我看他辛苦地打掃衛生,禮貌性地笑著道謝,他眼淚居然掉下來了。
他這種表情豐富、低聲下氣、死不要臉的德行,詭異得有點熟悉。
仿佛在遙遠的時光裡,也有過這麼一個人,時而活寶時而膩歪,但做起事來靠譜又貼心。
可我寧願他還是之前那副又拽又裝、不是嘲諷就是冷笑的樣子。
這樣還能讓我想起和安安一起吐槽他的日子。
安安還小的時候,不知道自己的爸爸是誰,但長大之後,總是在爺奶家見到葉洲,也認出了這個曾經為難過我的人。
他一向懂事,怕自己的問題傷害到我,忍了又忍,才在葉洲頻繁的騷擾中小心地問我關於葉洲的事。

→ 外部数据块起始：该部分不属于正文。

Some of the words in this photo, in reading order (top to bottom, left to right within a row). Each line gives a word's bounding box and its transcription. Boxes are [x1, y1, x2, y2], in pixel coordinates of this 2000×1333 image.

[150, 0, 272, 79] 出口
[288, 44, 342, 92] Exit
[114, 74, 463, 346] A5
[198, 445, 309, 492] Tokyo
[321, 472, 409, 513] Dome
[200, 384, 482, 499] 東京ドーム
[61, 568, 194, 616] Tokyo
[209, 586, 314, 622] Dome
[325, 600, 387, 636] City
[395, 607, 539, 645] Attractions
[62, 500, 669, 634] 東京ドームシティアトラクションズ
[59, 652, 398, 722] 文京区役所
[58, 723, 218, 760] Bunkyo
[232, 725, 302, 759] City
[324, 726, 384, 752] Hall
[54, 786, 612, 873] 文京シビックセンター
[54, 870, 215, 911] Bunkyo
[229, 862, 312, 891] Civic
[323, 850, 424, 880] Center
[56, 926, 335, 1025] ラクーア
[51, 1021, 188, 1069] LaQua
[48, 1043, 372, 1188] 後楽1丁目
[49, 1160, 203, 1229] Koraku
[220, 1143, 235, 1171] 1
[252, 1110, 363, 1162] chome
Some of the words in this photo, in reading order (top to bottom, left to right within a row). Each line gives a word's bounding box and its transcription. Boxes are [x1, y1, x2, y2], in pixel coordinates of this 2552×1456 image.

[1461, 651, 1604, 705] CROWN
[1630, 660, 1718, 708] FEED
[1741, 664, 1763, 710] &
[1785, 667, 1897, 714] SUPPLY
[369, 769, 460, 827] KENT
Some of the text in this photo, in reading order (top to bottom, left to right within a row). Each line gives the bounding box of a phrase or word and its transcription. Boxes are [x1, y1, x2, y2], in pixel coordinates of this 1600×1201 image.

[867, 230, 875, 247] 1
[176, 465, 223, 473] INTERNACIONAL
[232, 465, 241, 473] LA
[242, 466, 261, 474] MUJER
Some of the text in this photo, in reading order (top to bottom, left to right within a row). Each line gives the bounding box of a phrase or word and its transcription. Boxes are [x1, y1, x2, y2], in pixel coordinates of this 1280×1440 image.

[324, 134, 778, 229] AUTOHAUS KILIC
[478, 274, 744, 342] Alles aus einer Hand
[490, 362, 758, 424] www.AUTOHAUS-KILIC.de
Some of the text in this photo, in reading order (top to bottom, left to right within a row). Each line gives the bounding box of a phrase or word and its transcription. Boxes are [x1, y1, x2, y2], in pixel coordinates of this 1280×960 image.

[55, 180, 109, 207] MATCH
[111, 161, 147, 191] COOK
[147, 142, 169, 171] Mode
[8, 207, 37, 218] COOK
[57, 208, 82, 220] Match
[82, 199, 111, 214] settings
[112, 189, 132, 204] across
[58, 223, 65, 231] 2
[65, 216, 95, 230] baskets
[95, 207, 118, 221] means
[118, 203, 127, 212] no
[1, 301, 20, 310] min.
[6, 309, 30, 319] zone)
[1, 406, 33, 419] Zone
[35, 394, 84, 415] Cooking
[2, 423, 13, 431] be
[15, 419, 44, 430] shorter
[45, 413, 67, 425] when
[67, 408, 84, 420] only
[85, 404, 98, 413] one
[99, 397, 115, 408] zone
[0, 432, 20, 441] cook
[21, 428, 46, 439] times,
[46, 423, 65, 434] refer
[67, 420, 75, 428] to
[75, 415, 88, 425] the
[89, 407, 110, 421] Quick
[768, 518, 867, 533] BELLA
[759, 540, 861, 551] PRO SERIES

我不想在安安那裡美化他的形象,但也不想在他的心中埋下仇恨。
所以盡量委婉而客觀地講了我們之間的事。
但畢竟葉洲這家伙做的事太抽象,導致安安對他的印象一直不算好。
那時候我會和安安一起吐槽葉洲,沒想到現在輪到葉洲和我一起回憶安安了。
他和我講安安的時候,我偶爾也會疑惑。
為什麼他會知道很多隻有安安和我才經歷過的事情?
但這個念頭在我腦海裡盤桓一瞬就消失了,不想去探究。
23
煙晴突然出現在家門口。
她在外面锲而不舍地敲門,搞得我很煩。
我打開門告訴她:「葉洲出去買菜了,你等會再來吧。」
她失魂落魄地站在原地,突然像是想到了什麼,急切地一把抓住了我的手臂。
「等一下!我有話和你說,我,我和葉洲隻是合作關系,我們從來沒有任何超出友誼的關系,我不是故意離間你們的!我……」
她說話語無倫次,再沒有從前的灑脫和高高在上。
而我面無表情地聽著,然後回了一個字「哦」,就想把門關上。
但她不放棄地把住門,樣子懇切又卑微。
「別關,我可以和你把從前的事都講清楚!你能不能和葉洲說說,讓他別再針對我,我的任務完不成,真的會很慘的!」
我能猜到,大概是葉洲做了什麼。
上次阿晴走了之後,葉洲試圖向我解釋些什麼。
我說我不想聽。
挽回不了的時光,講究得再分明有什麼意義呢?
於是葉洲沒再說什麼,但他向我保證,他會讓阿晴付出代價。
我覺得好笑,阿晴的過錯會有代價,那你的呢?
如今我看著阿晴狼狽的樣子,卑劣地想著,我憑什麼給你求情,這世上多了一個因為失去重要東西而痛苦的人,不是很好嗎?
「你幹什麼!」
葉洲回來了,暴喝一聲,一把將她扯開。
阿晴踉跄了一下,尖叫一聲:「葉洲!」
她看起來還想說什麼,但在葉洲吃人一樣陰沉的目光下把話吞了回去,隻是口氣訥訥:「我什麼都沒和她說。」
葉洲小心地看我的表情:「我買了蝦和芝士,做一個鮮蝦芝士焗飯怎麼樣?」
「隨你。」我平靜地說,轉身回了屋裡。
外面傳來越來越激烈的爭執和質問,隱約能聽到「騙我」「攻略」「故意」這樣的字眼。
最後結束於葉洲聲嘶力竭的「滾!」。
葉洲把門摔上,整個人憤怒得呼吸都不穩。
「好多錢啊。」我突然喃喃道。
「什麼?」他走過來,蹲坐在我腳邊。
我歪著頭看他。
「你給她拍賣的項鏈,一條要三百多萬,我和安安省吃儉用,才還完九十萬的房貸。
「我連他喜歡的滑板都沒給他買。
「你有那麼多錢,幹嗎不多給我一點?」
我這個人很貪婪,也很無理取鬧,我知道要別人的錢是不對的。
可我也是普通人,有委屈和怨懟。
葉洲張了張嘴,沒發出任何聲音。
然後他猛地把頭埋在膝蓋裡,肩膀劇烈地顫抖起來。
我從他的身上感覺到了快要溢出來的痛苦,卻並不可憐他。
我想,我大概是壞掉了。
看見他這麼難受,我竟然痛快了不少。
曾經那些不眠的夜裡,梗在心中,堵得讓我喘不上來氣的東西終於釋懷了一部分。